**What the task asks:** An exact copy of the data below is needed; please leave out any pictures.

Phrase grounding data
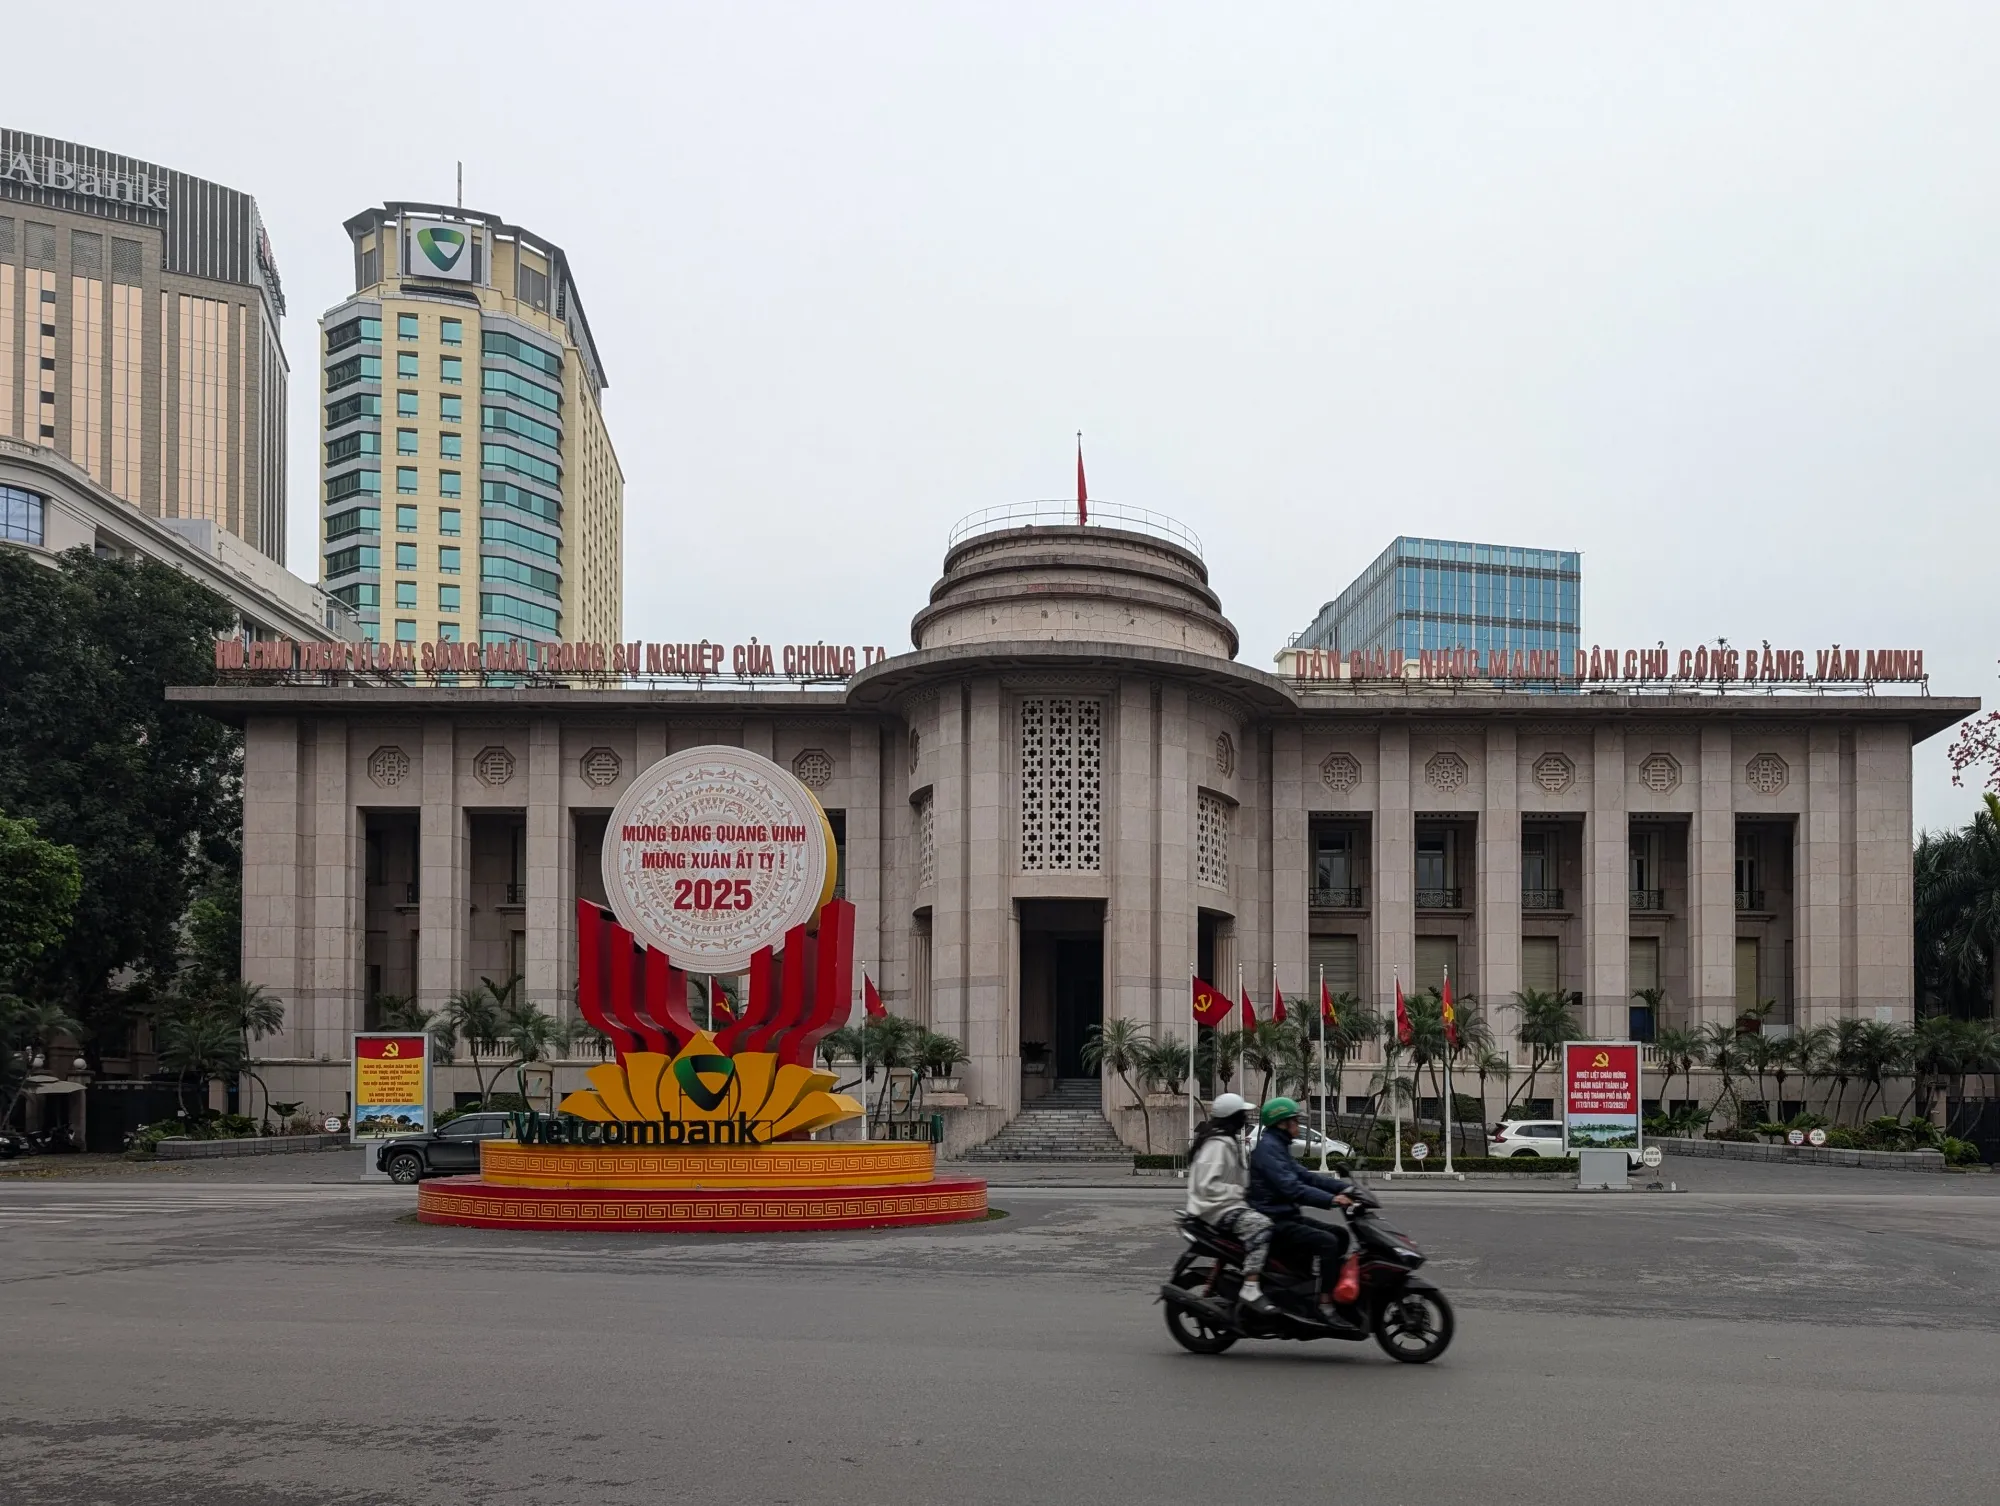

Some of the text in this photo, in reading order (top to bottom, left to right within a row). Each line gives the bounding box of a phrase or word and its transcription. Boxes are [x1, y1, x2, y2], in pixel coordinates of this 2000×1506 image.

[421, 635, 480, 671] SỐNG
[534, 642, 605, 671] TRONG
[613, 640, 642, 679] SỰ
[646, 639, 725, 680] NGHIỆP
[733, 636, 775, 674] CỦA
[783, 640, 856, 675] CHÚNG
[1296, 645, 1341, 679] DÂN
[1575, 645, 1618, 679] DÂN
[1679, 645, 1739, 679] CÔNG
[1816, 644, 1859, 679] VĂN
[716, 825, 767, 844] QUANG
[771, 825, 806, 842] VINH
[690, 849, 731, 869] XUÂN
[673, 879, 753, 910] 2025
[511, 1111, 762, 1145] Vietcombank

**Output below:**
Some of the text in this photo, in reading order (top to bottom, left to right within a row). Each line gives the bounding box of a phrase or word and its transcription. Boxes are [x1, y1, x2, y2], in pixel coordinates of this 2000×1506 image.

[421, 635, 480, 671] SỐNG
[534, 642, 605, 671] TRONG
[613, 640, 642, 679] SỰ
[646, 639, 725, 680] NGHIỆP
[733, 636, 775, 674] CỦA
[783, 640, 856, 675] CHÚNG
[1296, 645, 1341, 679] DÂN
[1575, 645, 1618, 679] DÂN
[1679, 645, 1739, 679] CÔNG
[1816, 644, 1859, 679] VĂN
[716, 825, 767, 844] QUANG
[771, 825, 806, 842] VINH
[690, 849, 731, 869] XUÂN
[673, 879, 753, 910] 2025
[511, 1111, 762, 1145] Vietcombank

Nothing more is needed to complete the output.